◆ **PROBLEM DESCRIPTION**:
Copy out the records that appear below, exactly as each one reads.
··· EXERCISE DATA
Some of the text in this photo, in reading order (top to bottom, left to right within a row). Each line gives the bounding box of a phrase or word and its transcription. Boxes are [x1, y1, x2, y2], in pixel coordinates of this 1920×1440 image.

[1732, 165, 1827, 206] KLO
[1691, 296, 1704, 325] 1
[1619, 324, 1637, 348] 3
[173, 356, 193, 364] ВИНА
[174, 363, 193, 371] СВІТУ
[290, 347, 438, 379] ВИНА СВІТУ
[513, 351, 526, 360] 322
······
◆ **SOLUTION TO THE PROBLEM**:
Some of the text in this photo, in reading order (top to bottom, left to right within a row). Each line gives the bounding box of a phrase or word and its transcription. Boxes are [x1, y1, x2, y2], in pixel coordinates of this 1920×1440 image.

[1732, 165, 1827, 206] KLO
[1691, 296, 1704, 325] 1
[1619, 324, 1637, 348] 3
[173, 356, 193, 364] ВИНА
[174, 363, 193, 371] СВІТУ
[290, 347, 438, 379] ВИНА СВІТУ
[513, 351, 526, 360] 322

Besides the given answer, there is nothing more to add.